Book: Why We Buy – The Science of Shopping
Author: Paco Underhill
Date: 1 September 2015
Every now and then, a goodie but oldie takes the cake for my book of the month. I’ve read 6 good books over the past 6 weeks, but it was Paco Underhill’s 1999 vintage “Why we Buy – The Science of Shopping” proved how some basic things don’t change in the world of buying behaviour and consumerism in the modern world.
As an urban geographer turned retail scientist, Underhill has an incredibly witty way of engrossing you into his anecdotes by embodying his skill to engage Me, Myself and I – the all-consumer. I’m so glad I found this little number at the second-hand bookstore on Anne Street last month, because even though it was written back in the olden days (you know…pre-iPhone, Facebook, Twitter, Insta, and Wifi) Underhill’s observations and theories of gender, corporate and retail behaviour are as relevant today as they ever were. The good and bad news for those who love to shop is that the 24/7 online shopfront has fed the beast within. You see, anthropology, as Underhill puts it, “has been paying attention by collating, digesting, tabulating and cross-referencing every morsel of data”. Enter Big Data.
Just last week, I put my super-shopping skills to the test by getting out in the field playing ‘secret shopper’ at some local Townsville businesses. Imagine me… incognito, dressed in blue jeans, white-T, comfy shoes, dark sunnies, and iPhone. Stroll, stroll, stroll…stop. Hmm, that looks good (make a note – get that text while you’re at it). Stroll, stroll…stop, that can be improved (take a pic). Stroll, stroll… oh look, some customers chatting about the price…stroll, tail them, quick…stroll…(make your way closer, listen and take notes). Honestly, what fun! I’m seriously considering changing careers and becoming a mystery shopper! (Jokes) Now, although it wasn’t the first time I’d done a mystery shop report for a client, this time around I was very aware that retail shopping has declined and my project was to help make sense of the customer who was shopping in these stores. Boy did it do more than make sense. The simple act of watching the tactile-deprived shoppers freely experiencing worldly goods firsthand by touching, smelling, listening was profound to me. I’ve been too busy to stop and take notice to see the emotional connection that people have with buying ‘stuff’ and if you’re familiar with Simon Sinek’s ‘WHY’, this started to really make more sense on this stage.

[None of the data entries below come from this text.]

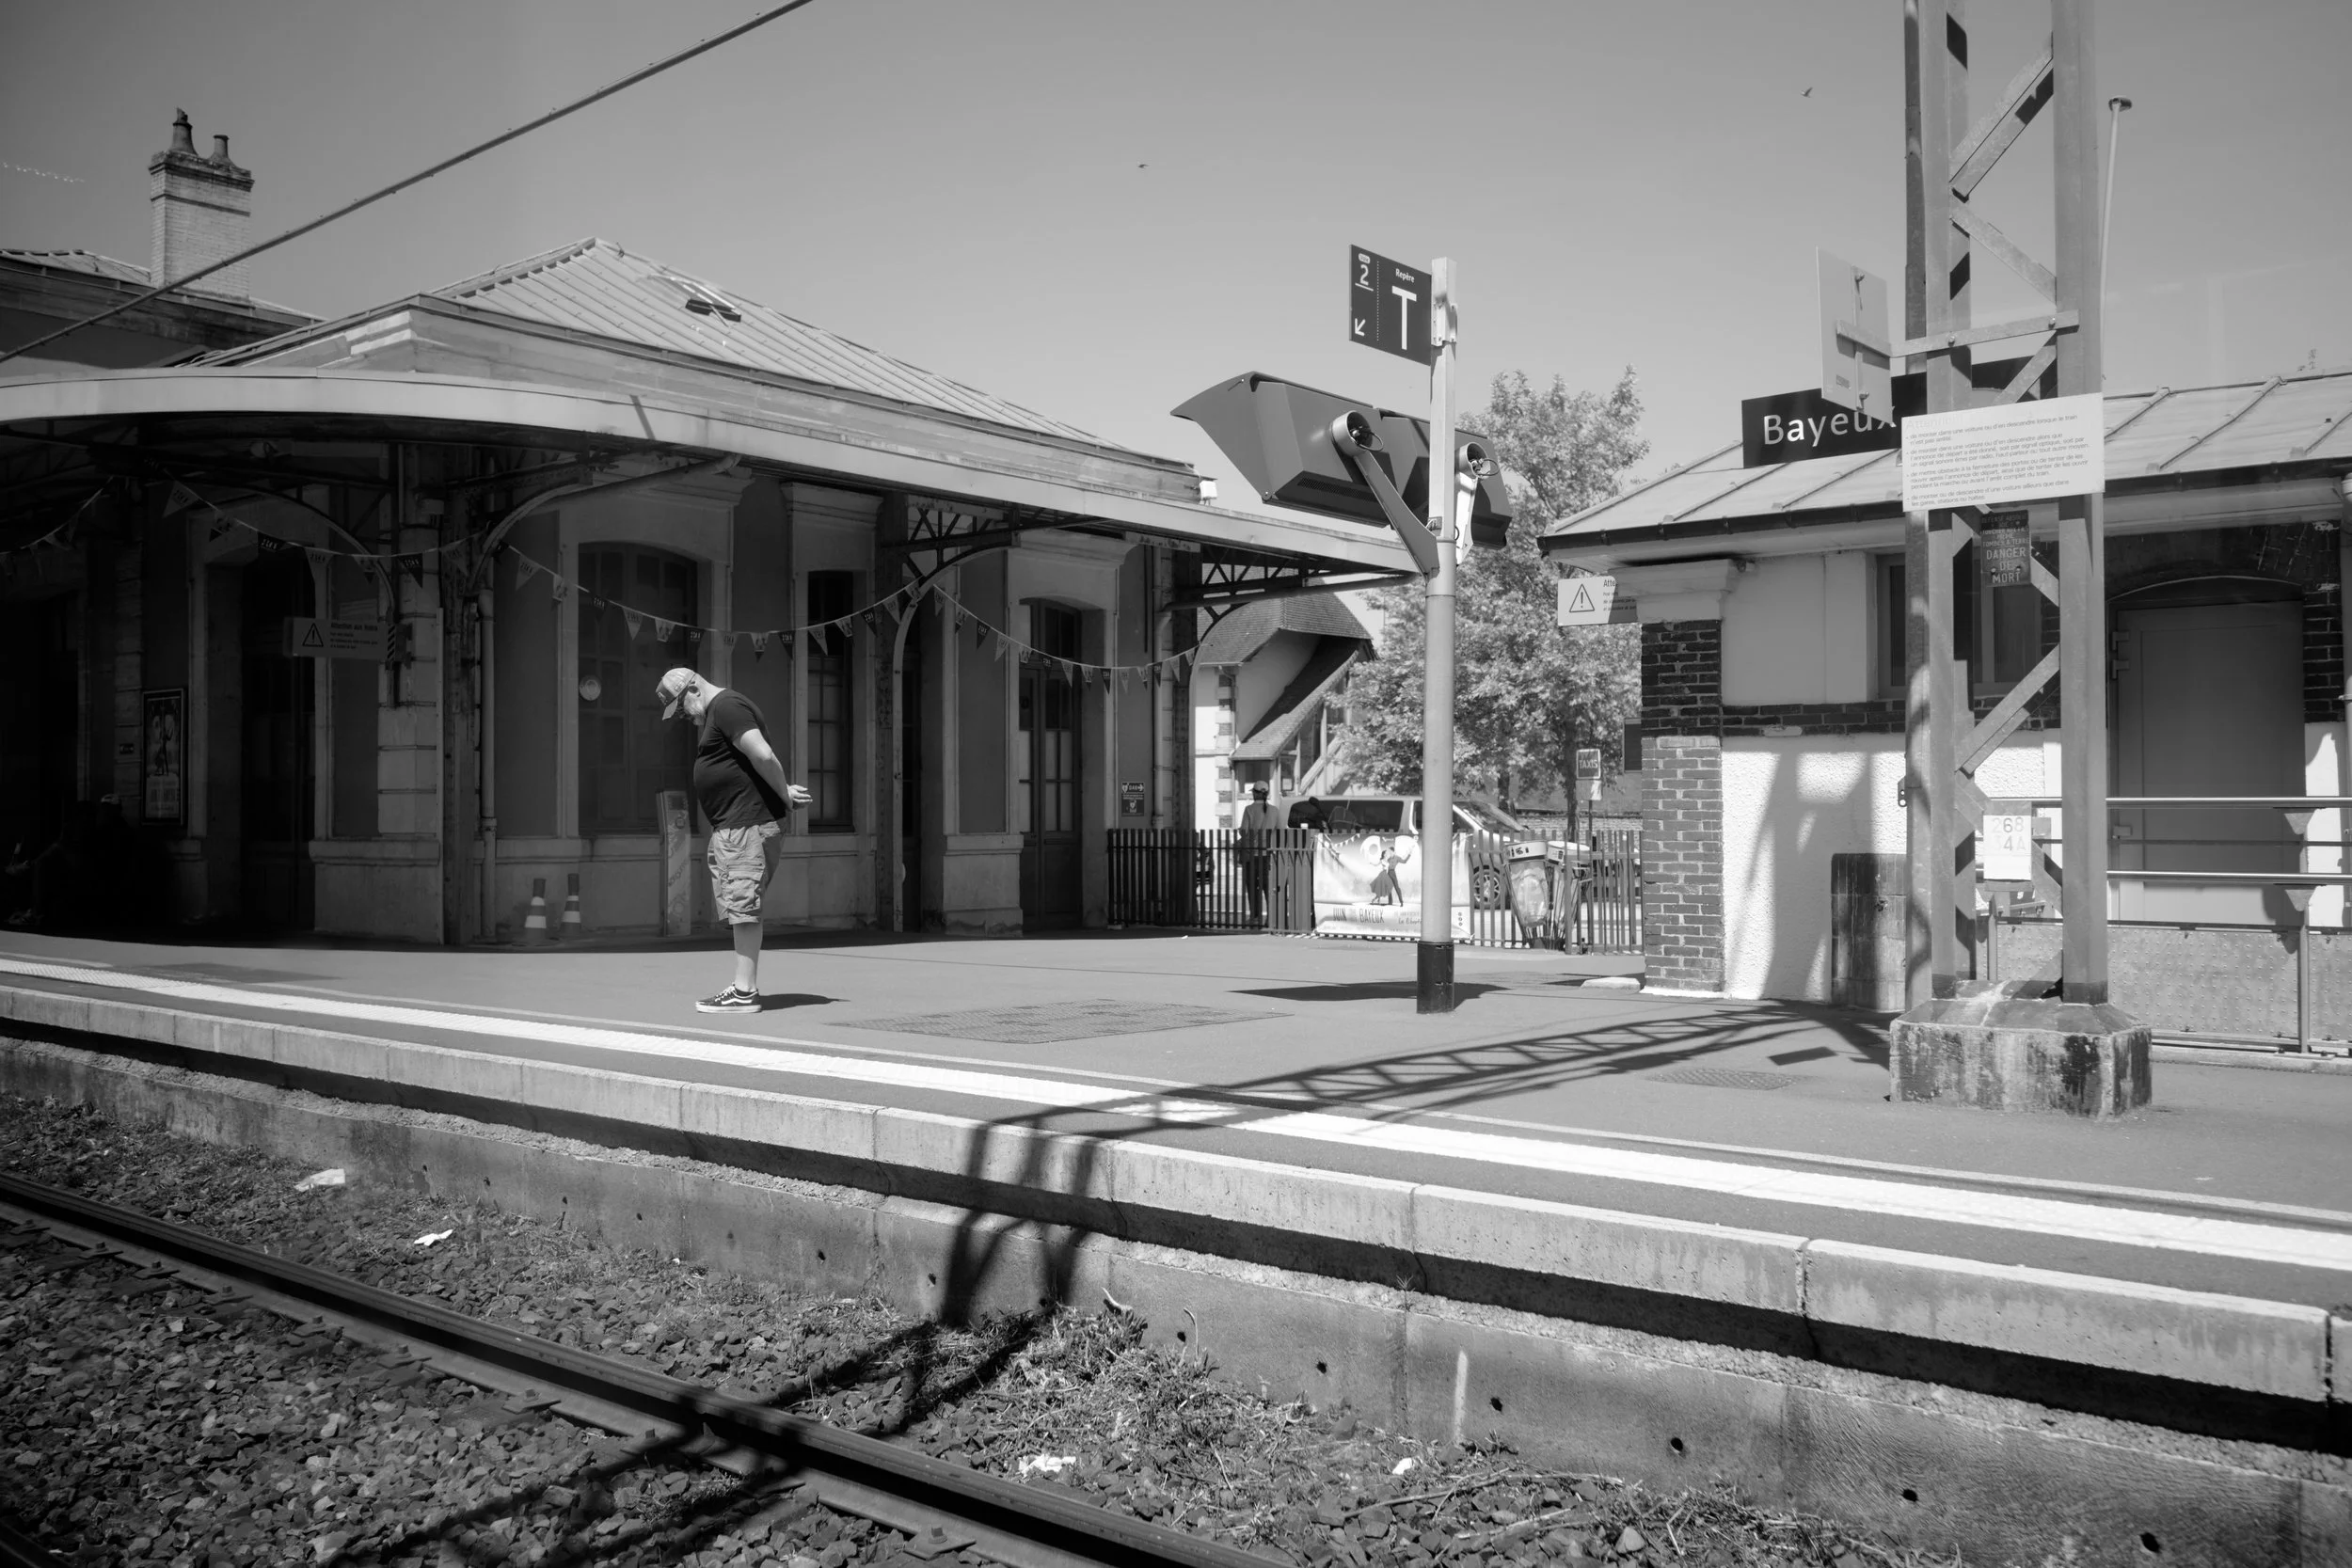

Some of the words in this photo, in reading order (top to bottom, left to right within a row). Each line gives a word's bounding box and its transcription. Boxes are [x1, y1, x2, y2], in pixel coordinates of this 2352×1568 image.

[1359, 264, 1369, 286] 2
[1395, 268, 1415, 283] Repère
[1391, 285, 1417, 351] T
[1986, 547, 2026, 560] DANGER
[2000, 561, 2015, 570] DE
[1992, 571, 2021, 584] MORT
[1579, 759, 1598, 768] TAXIS
[1991, 816, 2025, 833] 268
[1359, 908, 1385, 923] BAYEUX

Here are just a few kickers from the book to take away (excuse the pun!):
a) The more time a customer spends in your shop, the more likely they will spend more – create ambiance with music and colour;
b) Transition time – give the customer time (5-10s) to adjust to the new environment with their 5 senses;
c) The bigger the basket, the more likely customers will buy more (it’s true!)
d) The right side bias – most of us are right-handed and therefore more likely to walk toward the right (I’ll leave that one with you!)

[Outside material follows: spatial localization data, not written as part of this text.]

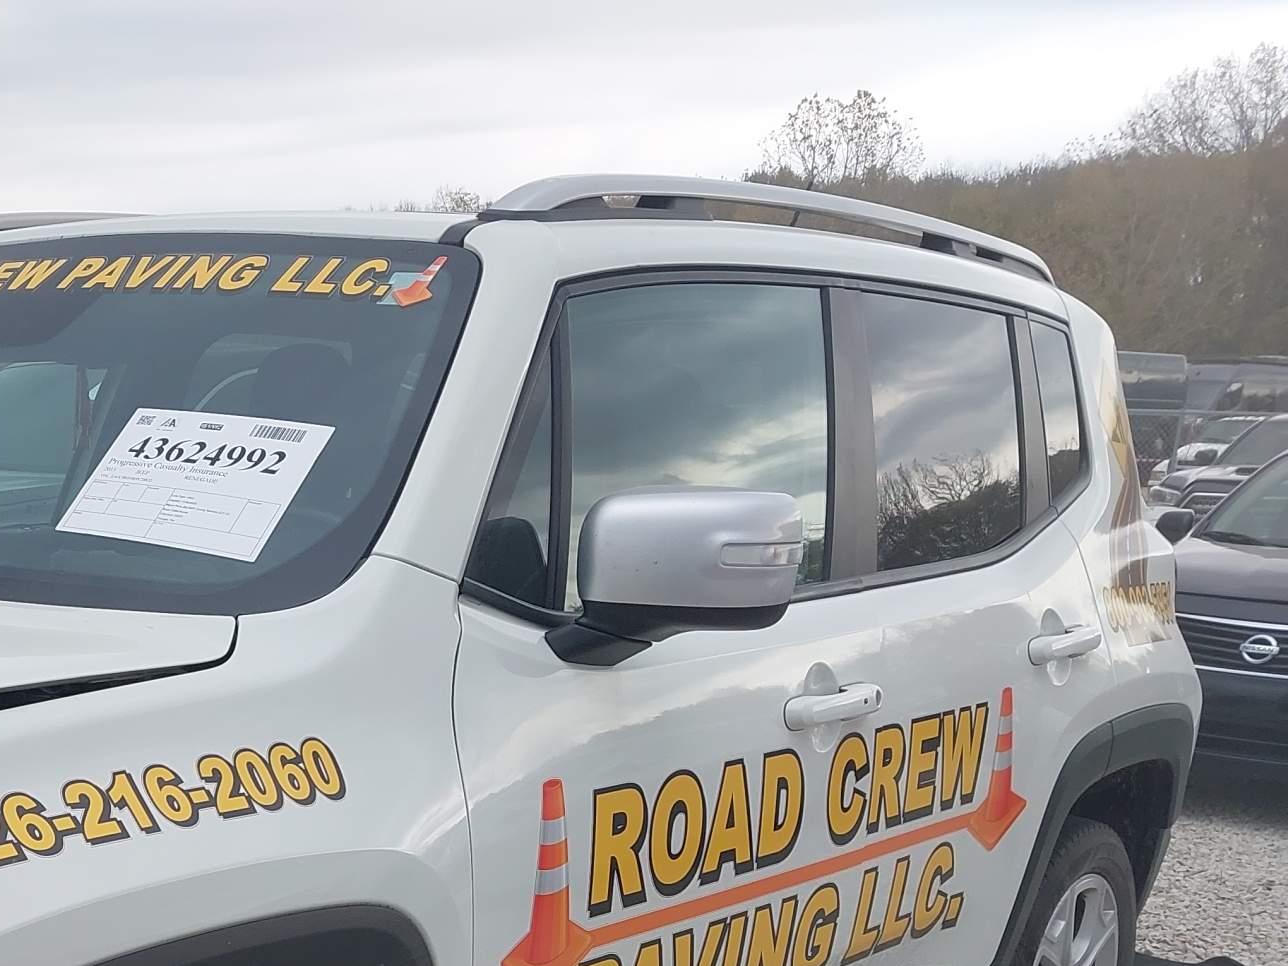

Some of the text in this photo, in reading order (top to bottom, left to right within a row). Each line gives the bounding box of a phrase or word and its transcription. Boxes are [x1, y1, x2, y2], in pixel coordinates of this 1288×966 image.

[57, 253, 270, 296] PAVING
[270, 253, 394, 299] LLC.
[128, 436, 287, 475] 43624992
[154, 462, 186, 473] Casualty
[189, 467, 229, 478] Insurance
[587, 702, 990, 917] ROAD CREW
[840, 842, 965, 966] LLC.

e) Merchandising – be aware of the shoppers “ant trail” in your business
f) Shop like a man – most men hate shopping and would rather be fishing. But if there was a man’s shopping heaven, it would have creaky planks on the floor, spare parts, weird smells of rubber and oil in the air with a calendar featuring “Miss Snap-On Tools” in a tank top with killer cleavage holding power tools. Shopping in more ways than one is quite the opposite for men and women. (you will just HAVE to read this section yourself to get a kick!)

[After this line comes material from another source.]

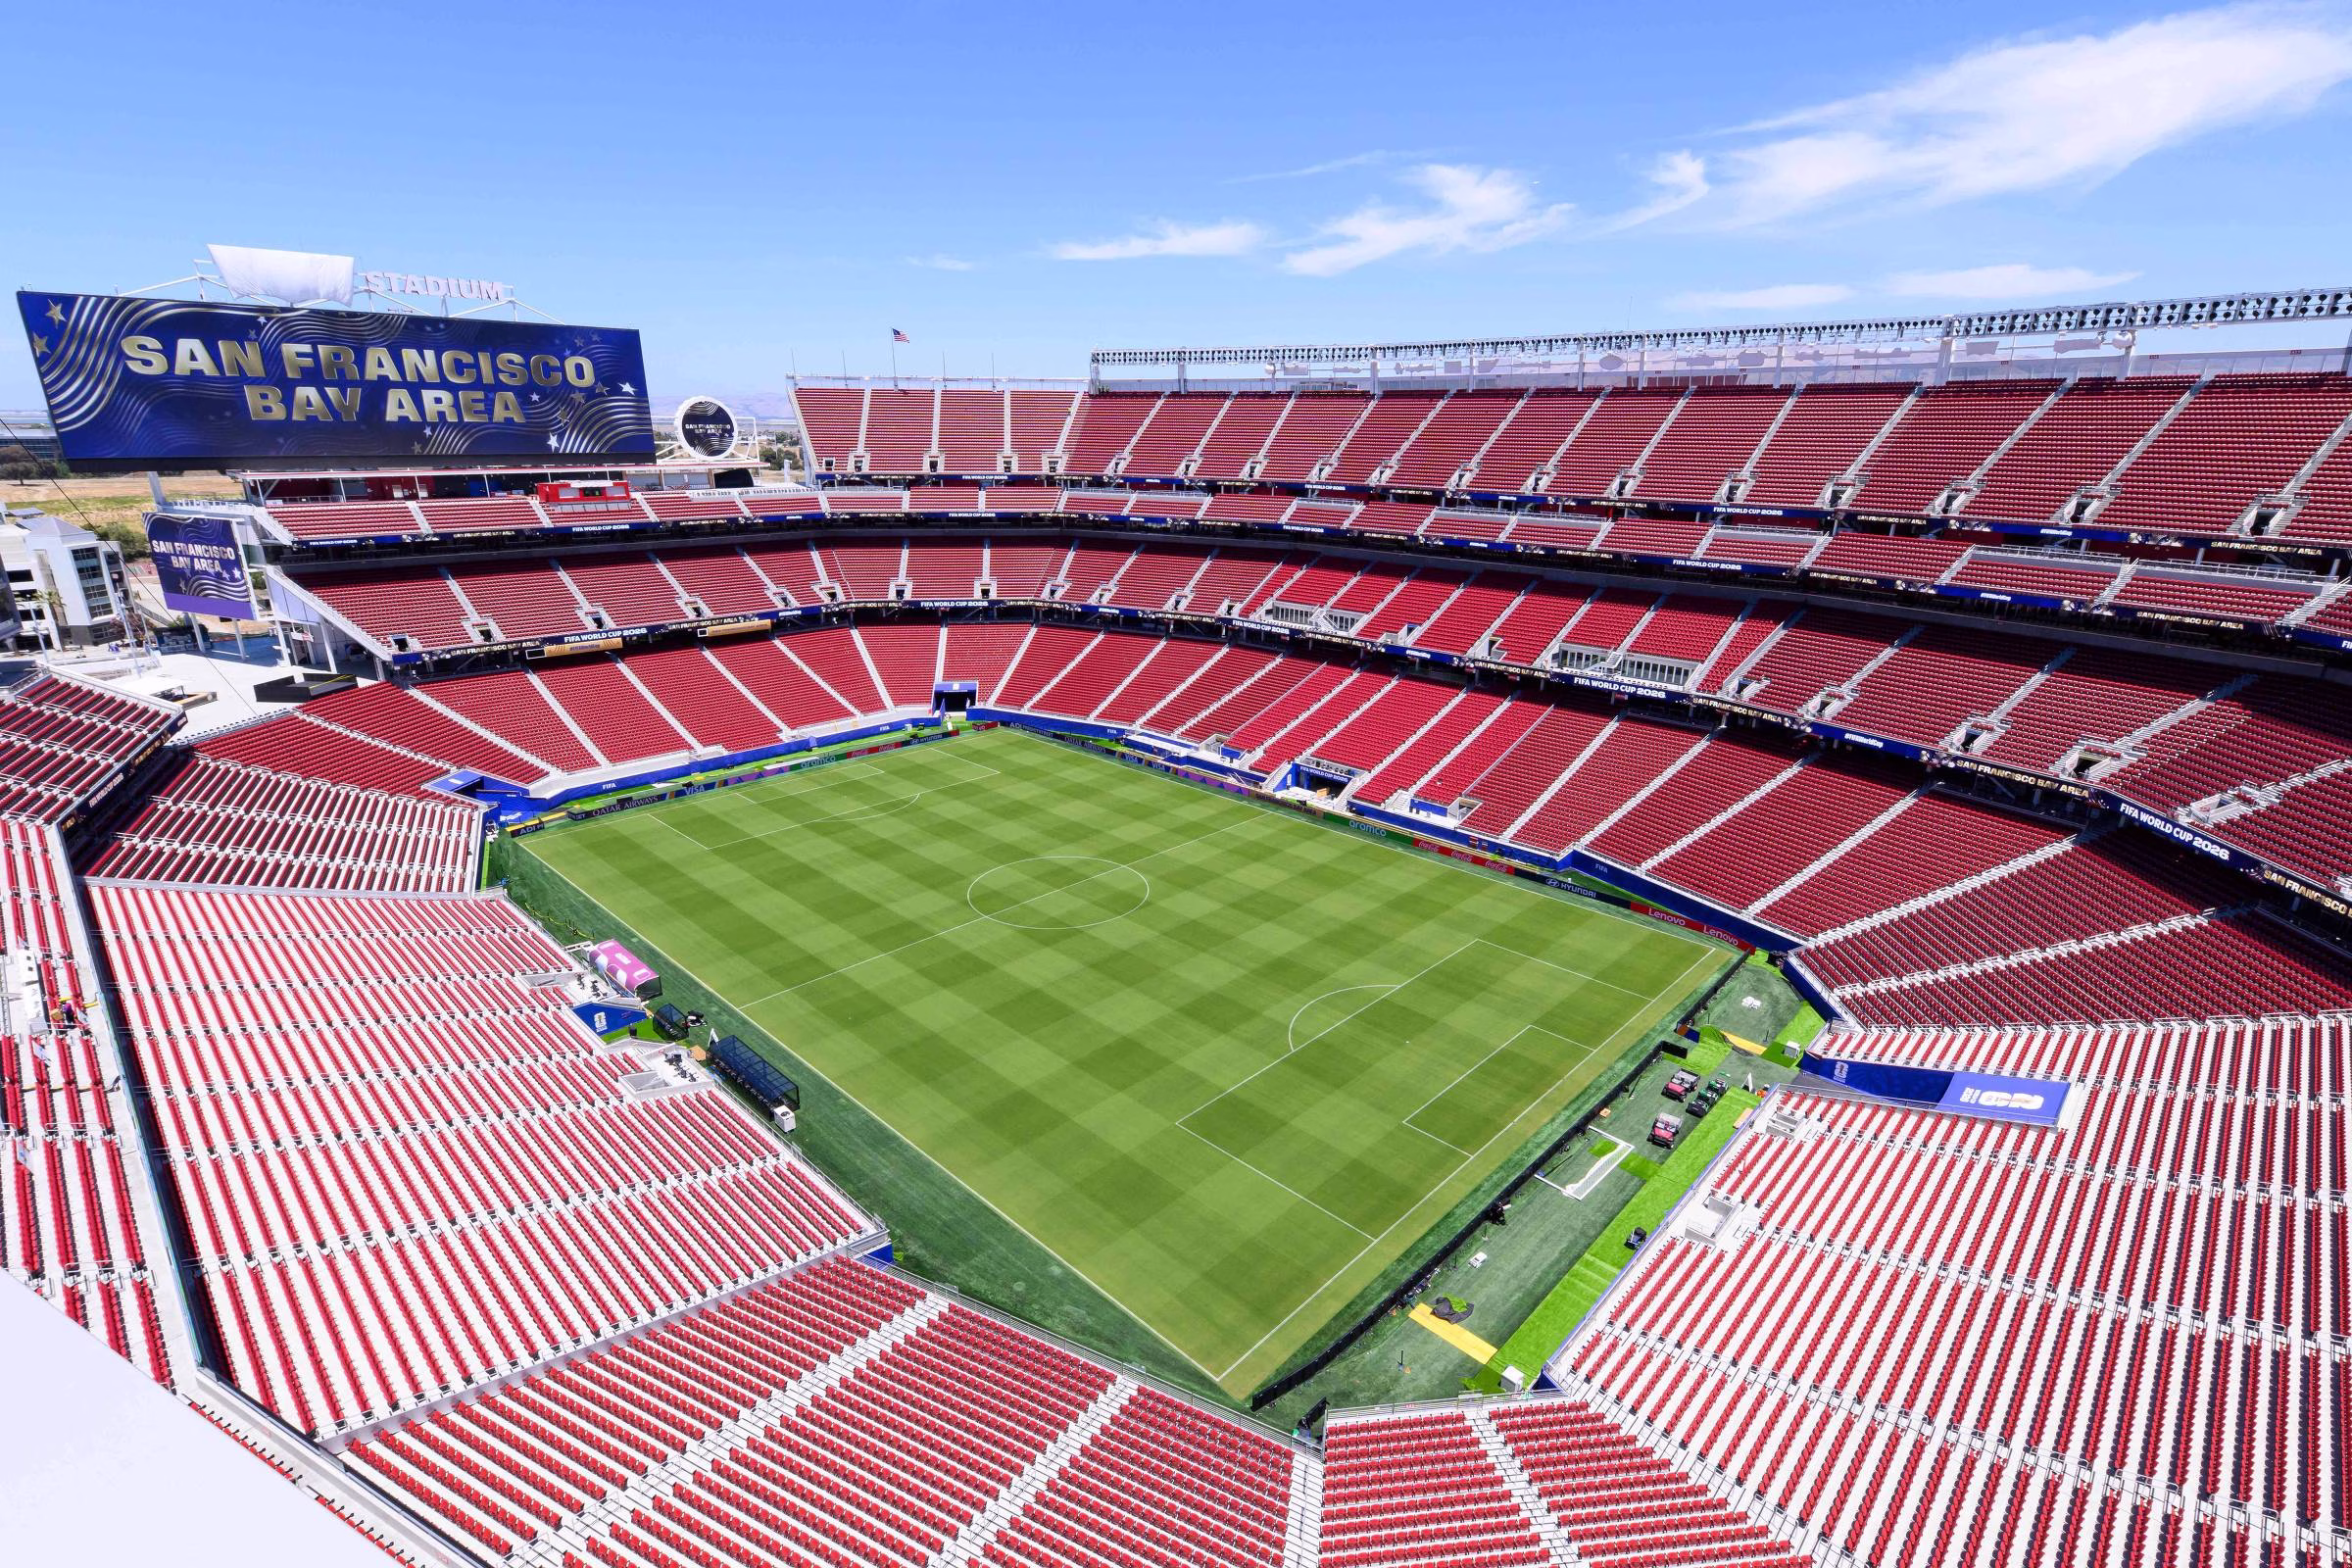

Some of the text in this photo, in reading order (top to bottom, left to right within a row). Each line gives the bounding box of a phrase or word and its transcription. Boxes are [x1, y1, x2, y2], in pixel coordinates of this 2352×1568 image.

g) What women want – he writes “women are capable of causing tectonic shifts in the world of shopping. Shopping is still (both on and offline) and always will be meant mostly for females. Women want shops. Shopping is female. Women don’t quite get it yet, but when men shop, they are engaging in what is inherently a female activity” (oh stop it! Haha!)
h) Kids – I must say this chapter is out-dated, but some fundamental truths about kids being total suckers for image.
i) Talking – stores that attract volumes of couples, friends or groups of shoppers usually do very well. If you can create an environment that fosters discussion, the merchandise will begin to sell itself.
I’m thrilled to have read this book and combined with my mystery shopping week and reading Paco Underhill’s “Why We Buy”, it hit home t. #oldschool
As a first-world customer, I am much older, wiser and more cynical than the days that the book was written, and in my eyes, internet shopping compliments but will never seriously challenge a beautifully merchandised store. This is a sensational page-turner for the marketer-come-shopper in all of us.